Kül ve Yel
Müge İplikçi
Alkım Yayınevi
Yalnızlığımıza yeni masallar
uydurmalıyız, kabul. Ama nasıl, ama nasıl?
Müge İplikçi, Kül ve Yel’de bir ailenin
yıllara yayılan öyküsünü, hatırlamak ve unutmak temalarından hareketle
anlatıyor. Romanın ana kahramanı olan Fehime’nin, Yelkovankuşu adlı semtte
başlayan serüveni, manolya ağaçlı bir evin odalarında farklı koku ve renklerle
şekillenmiştir. Alzheimer hastalığına yakalandıktan sonra bir bakımevine
kapatılan Fehime, odasında sürekli olarak televizyon seyreder. Ailesinin yaşadıklarını
bir hatırlayıp bir unutur. Ve o sırada çıkan savaşı, Yelkovankuşu’nun hemen
yakınlarında, Şerbetçi’deki deri fabrikalarında 20 yıl önce çıkan yangınla özdeşleştirir.

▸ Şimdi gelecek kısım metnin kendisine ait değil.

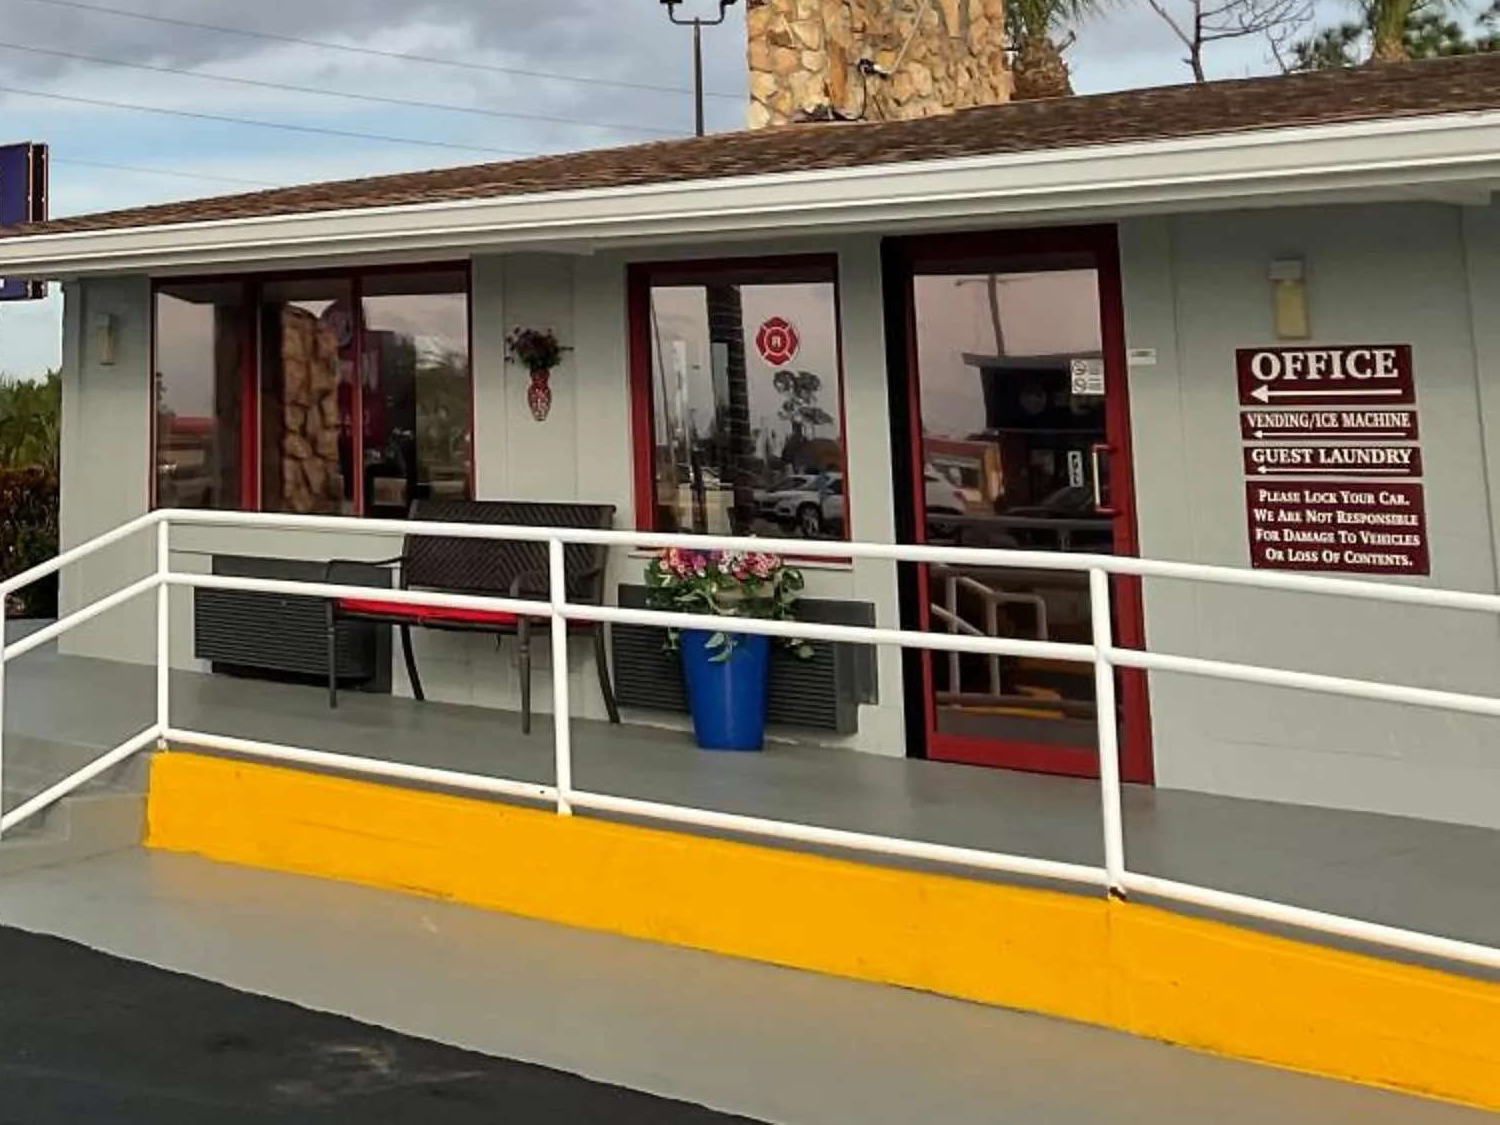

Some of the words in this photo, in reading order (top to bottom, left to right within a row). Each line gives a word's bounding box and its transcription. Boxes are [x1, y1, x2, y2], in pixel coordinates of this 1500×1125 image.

Yaşlı Fehime’de şimdiki zaman, geçmiş zamanın içerisindedir; tıpkı, mekanın
mekanın içerisinde oluşu gibi.
Müge İplikçi, hatırlamak-unutmak ve
ötesinin dehlizlerine bizi davet ederken, tıpkı diğer kitaplarından olduğu
gibi, Kül ve Yel’de de an’ın içerisinde oynamayı seviyor.
(Arka kapak)
Alzheimer hastası Fehime’nin
sayıklamalarıdan oluşuyor kitap ve çok çok yavaş seyrediyor. Bu kitabı inatla
bitirmek için çabalıyordum Doğu turuna gitmeden önce. Giderken de yanımda
götürmemiştim. Ama dönünce ben ona o bana bakmaya başladı. Aldım elime ama ömür
törpüsü resmen. Yani tamam kitaplara kötü demek istemiyorum. Beğenmemezlik etmek
hiç istemiyorum ama hiç ilerlemiyor bir türlü.